After reading this part and Meechan’s article in general and his thought about digitization of museums and the artwork of museums, I was wondering where we should actually draw the ‘copyright line’? Are museums breaking copyright by putting their art works online, by doing virtual tours? Are visitors breaking copyright by taking pictures and posting them online? Is there even a proper way to track the copyright in this age?

World intellectual property organization (WIPO) published a 72 pages long document about the issue of museums and copyright. It is free for download at their pages and it is definitely interesting if someone wants to read more into it. This manual also addresses the issue of copyright in the digital age, which is getting more and more complicated. This is why WIPO states, that there is not a model for every museum but in the future the copyright will be check individually as it is such a complicated topic.
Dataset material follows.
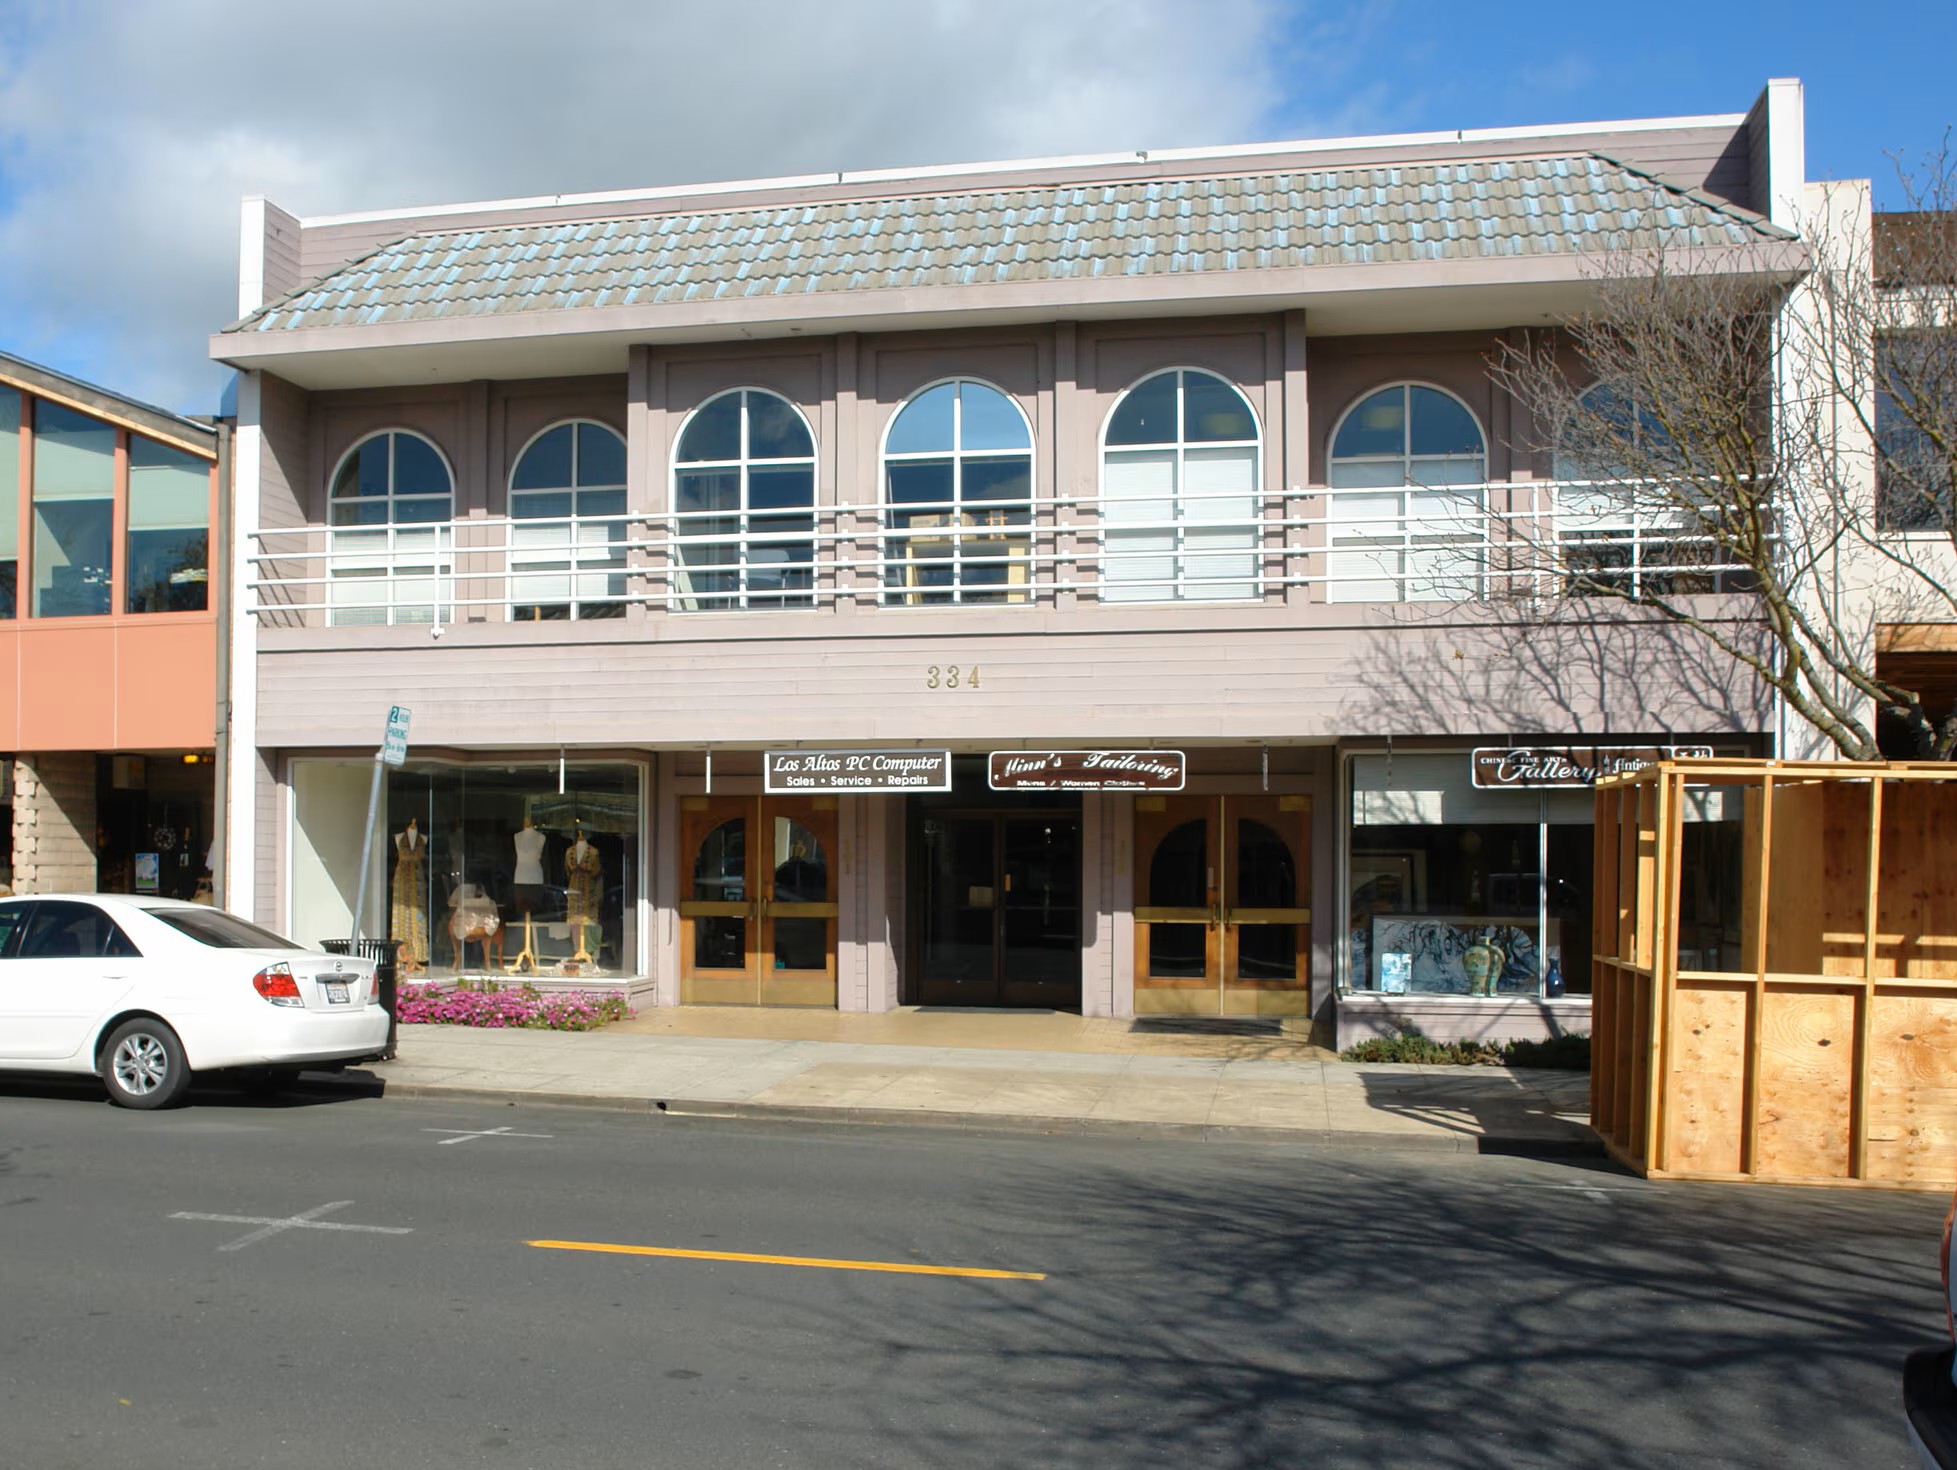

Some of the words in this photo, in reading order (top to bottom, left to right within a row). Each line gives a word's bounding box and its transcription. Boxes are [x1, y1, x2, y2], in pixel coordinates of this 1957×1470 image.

It is apparent, however, even from the type of work conducted with profit-oriented companies, that a “one-size-fits-all” model will not work, particularly given the digital divide that exists between economies in the industrial and developing countries. Instead, a program or service where experts, engaged specifically for this task, are able to assess each opportunity on a case-by-case basis would greatly enhance the respect for the IP system and educate owners and users about IP. (WIPO’s own integrity as an organization and its ability to harness a vast wealth of knowledge about IP can only assist in this regard.) It is by these means that WIPO will ensure that museums have their issues addressed as the interpreters, repositories and distributors of the vast intellectual wealth of society.